(Records for this exercise begins)
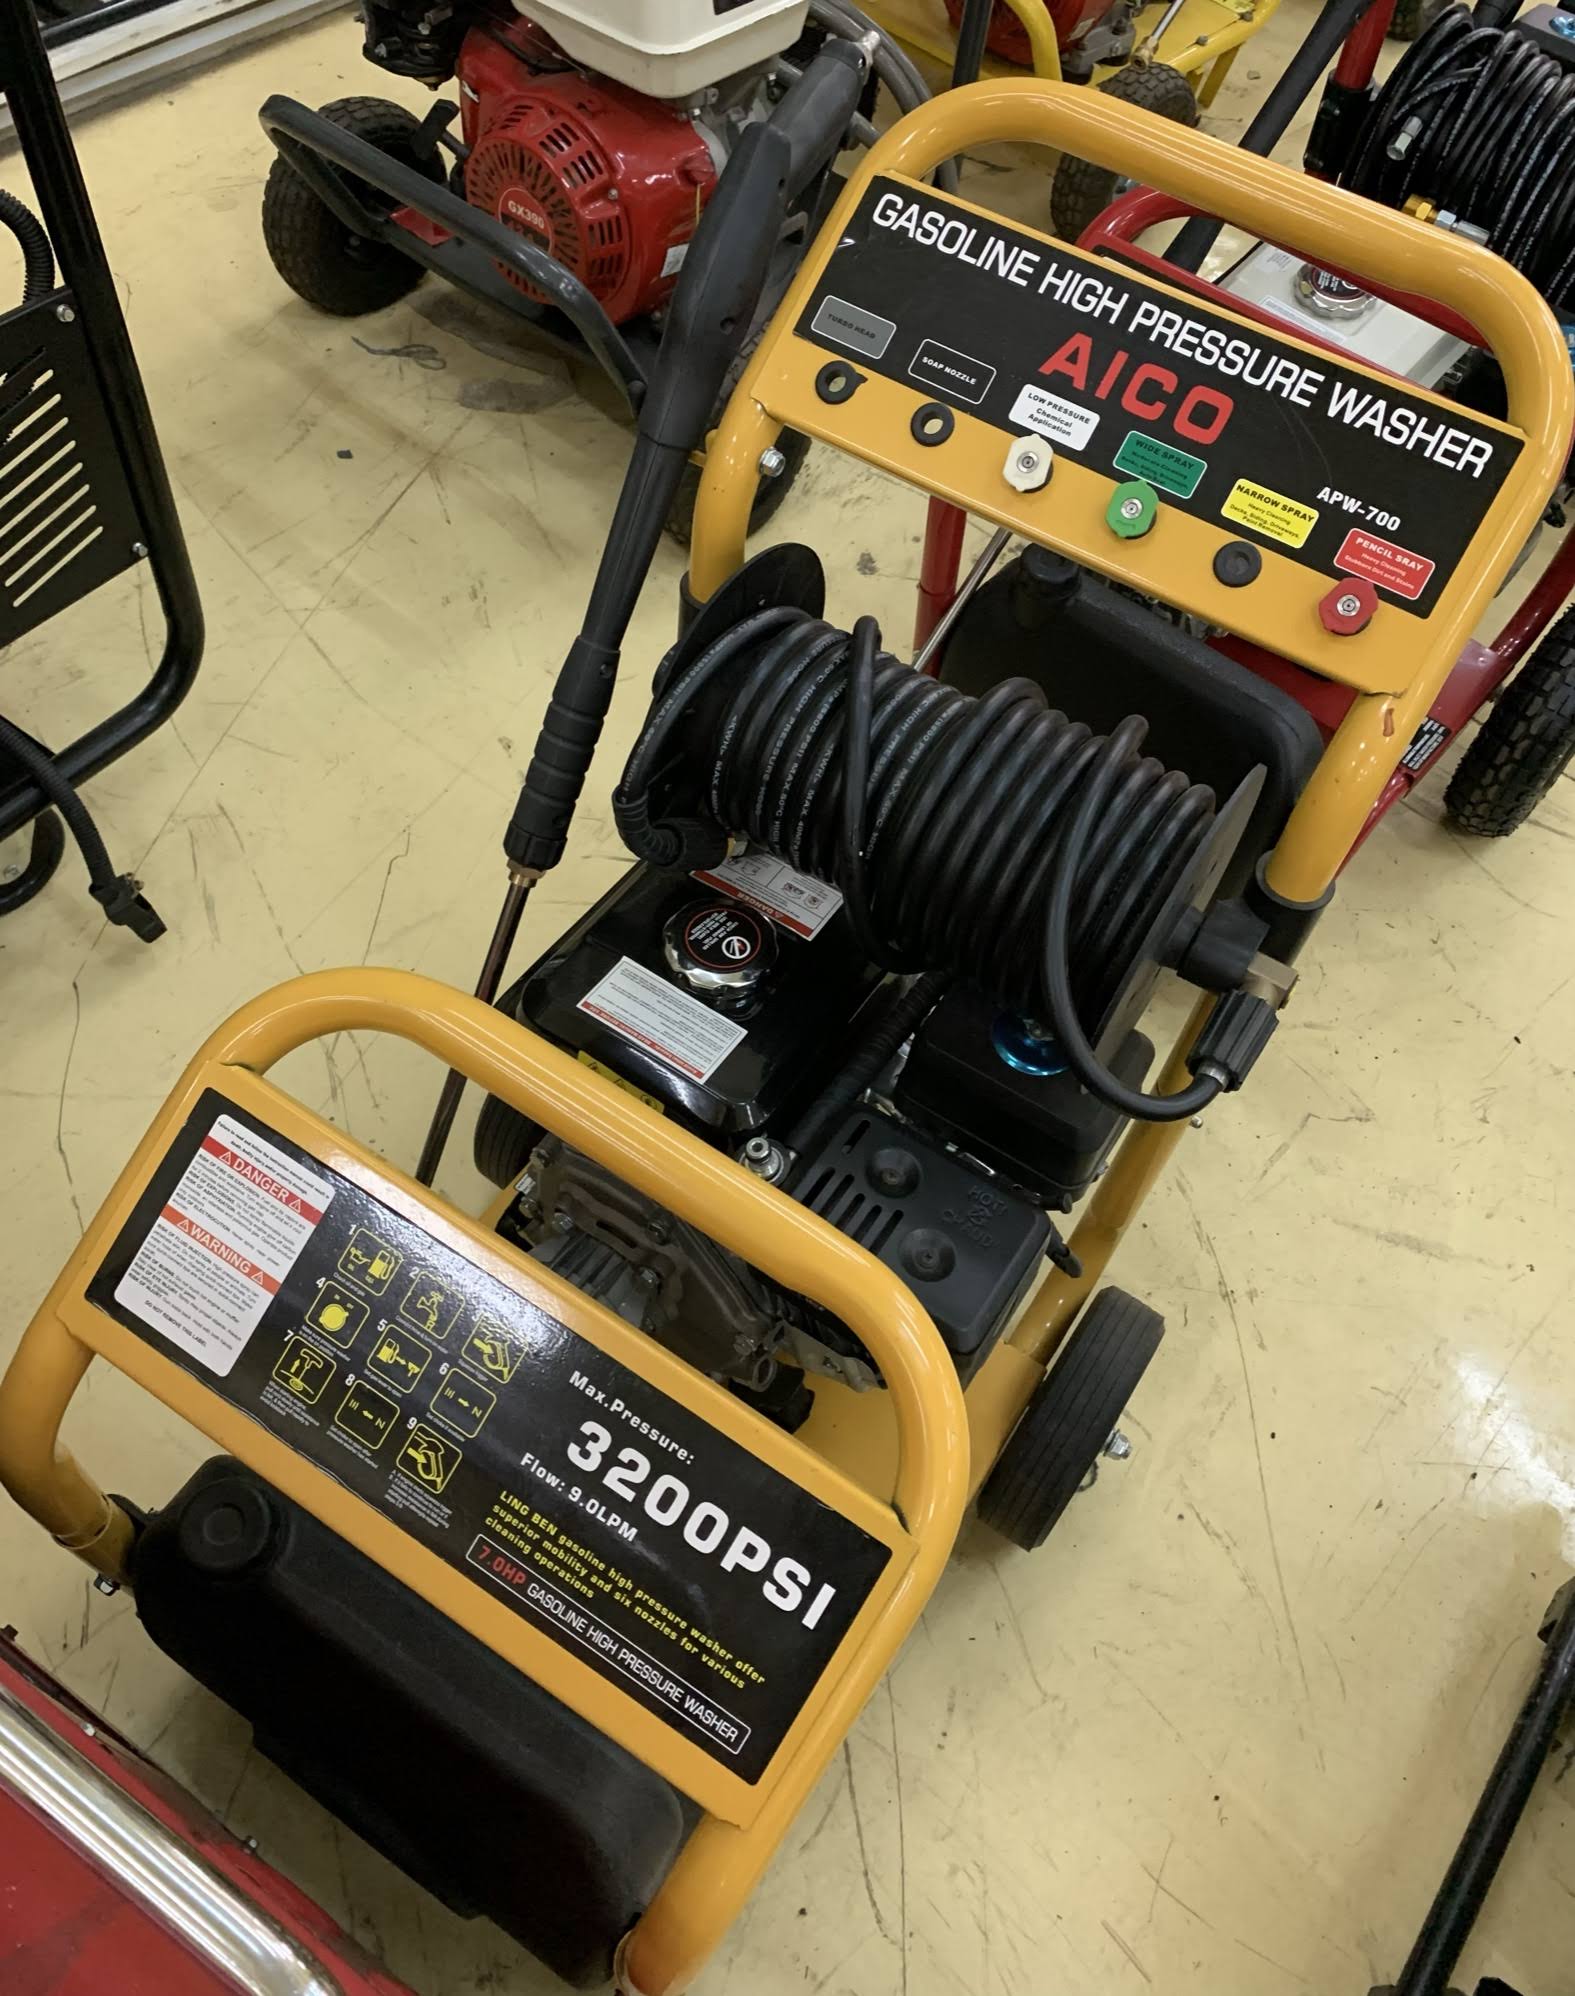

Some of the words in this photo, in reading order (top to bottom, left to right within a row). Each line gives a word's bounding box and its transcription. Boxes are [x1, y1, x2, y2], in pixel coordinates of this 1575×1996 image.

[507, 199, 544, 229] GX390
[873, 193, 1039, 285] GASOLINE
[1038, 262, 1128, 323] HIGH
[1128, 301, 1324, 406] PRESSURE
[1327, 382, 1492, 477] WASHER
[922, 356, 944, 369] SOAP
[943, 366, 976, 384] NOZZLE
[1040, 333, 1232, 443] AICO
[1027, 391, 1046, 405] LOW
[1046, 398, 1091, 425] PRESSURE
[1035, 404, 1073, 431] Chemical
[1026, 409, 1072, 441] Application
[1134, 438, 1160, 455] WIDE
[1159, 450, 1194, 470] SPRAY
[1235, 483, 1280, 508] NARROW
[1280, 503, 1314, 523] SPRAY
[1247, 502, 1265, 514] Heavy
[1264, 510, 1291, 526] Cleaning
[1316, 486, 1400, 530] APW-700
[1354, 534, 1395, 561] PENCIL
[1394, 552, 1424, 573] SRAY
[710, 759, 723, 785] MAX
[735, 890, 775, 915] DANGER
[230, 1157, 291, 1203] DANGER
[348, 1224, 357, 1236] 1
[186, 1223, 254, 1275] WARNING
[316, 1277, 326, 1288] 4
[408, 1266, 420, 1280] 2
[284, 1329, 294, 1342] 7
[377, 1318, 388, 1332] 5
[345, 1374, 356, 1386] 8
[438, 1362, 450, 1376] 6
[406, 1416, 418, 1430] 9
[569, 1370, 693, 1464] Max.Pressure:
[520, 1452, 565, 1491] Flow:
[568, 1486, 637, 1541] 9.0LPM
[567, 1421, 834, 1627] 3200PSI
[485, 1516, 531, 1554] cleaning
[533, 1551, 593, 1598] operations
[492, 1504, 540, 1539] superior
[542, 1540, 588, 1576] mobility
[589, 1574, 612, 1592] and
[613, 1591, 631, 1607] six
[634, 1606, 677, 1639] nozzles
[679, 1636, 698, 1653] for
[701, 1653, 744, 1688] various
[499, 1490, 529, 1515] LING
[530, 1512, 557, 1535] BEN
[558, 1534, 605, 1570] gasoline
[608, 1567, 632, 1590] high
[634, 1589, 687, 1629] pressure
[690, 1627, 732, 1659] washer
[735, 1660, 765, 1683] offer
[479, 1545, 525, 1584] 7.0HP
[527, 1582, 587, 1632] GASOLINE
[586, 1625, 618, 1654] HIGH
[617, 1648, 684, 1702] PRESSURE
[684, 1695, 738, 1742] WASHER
(Records for this exercise ends)
- [Instructions for the task]: Wherever the word "SPRAY" turns up in a line of the entries above, copy that line.

- [Exercise result]:
[1159, 450, 1194, 470] SPRAY
[1280, 503, 1314, 523] SPRAY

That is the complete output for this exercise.